__What you will do__: Each line of the records has to be copied exactly, though the pictures must be left out.

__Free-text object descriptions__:

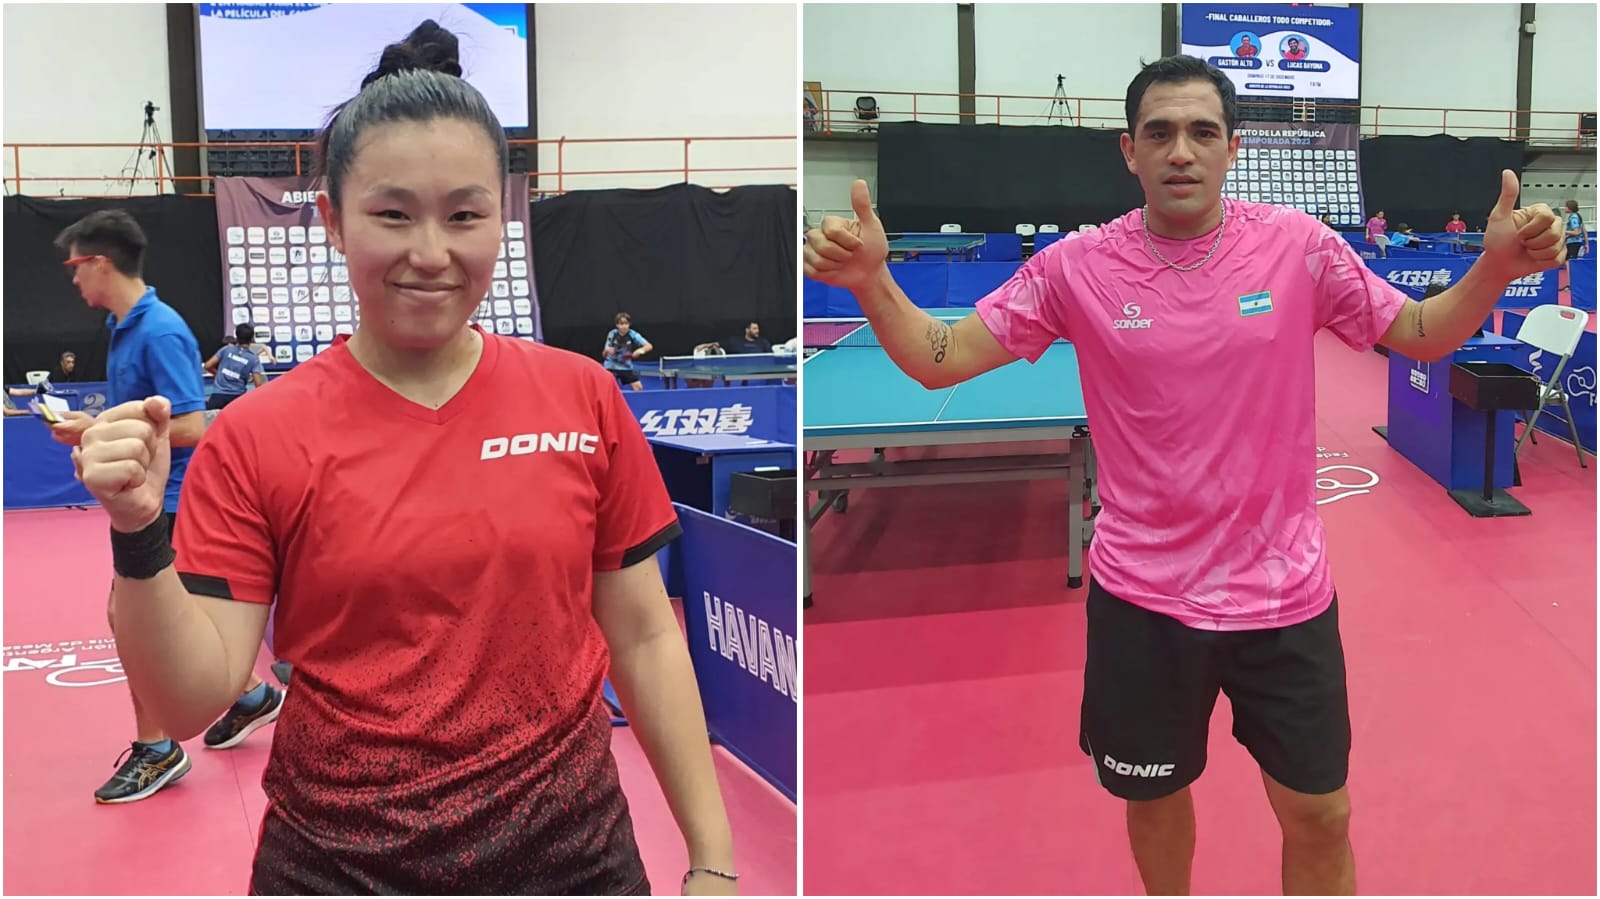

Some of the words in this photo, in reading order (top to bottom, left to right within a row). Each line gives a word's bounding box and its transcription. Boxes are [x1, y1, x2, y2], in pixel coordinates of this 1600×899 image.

[1229, 14, 1271, 24] CABALLEROS
[1273, 16, 1290, 24] TODO
[1265, 59, 1275, 68] VS
[1271, 129, 1281, 137] LA
[1282, 128, 1326, 138] REPÚBLICA
[281, 191, 320, 204] ABIE
[1504, 286, 1542, 297] DHS
[640, 403, 754, 436] 红双喜
[480, 431, 599, 460] DONIC
[704, 591, 797, 704] HAVAN
[1103, 754, 1176, 778] DONIC

__Task answer__:
Some of the words in this photo, in reading order (top to bottom, left to right within a row). Each line gives a word's bounding box and its transcription. Boxes are [x1, y1, x2, y2], in pixel coordinates of this 1600×899 image.

[1229, 14, 1271, 24] CABALLEROS
[1273, 16, 1290, 24] TODO
[1265, 59, 1275, 68] VS
[1271, 129, 1281, 137] LA
[1282, 128, 1326, 138] REPÚBLICA
[281, 191, 320, 204] ABIE
[1504, 286, 1542, 297] DHS
[640, 403, 754, 436] 红双喜
[480, 431, 599, 460] DONIC
[704, 591, 797, 704] HAVAN
[1103, 754, 1176, 778] DONIC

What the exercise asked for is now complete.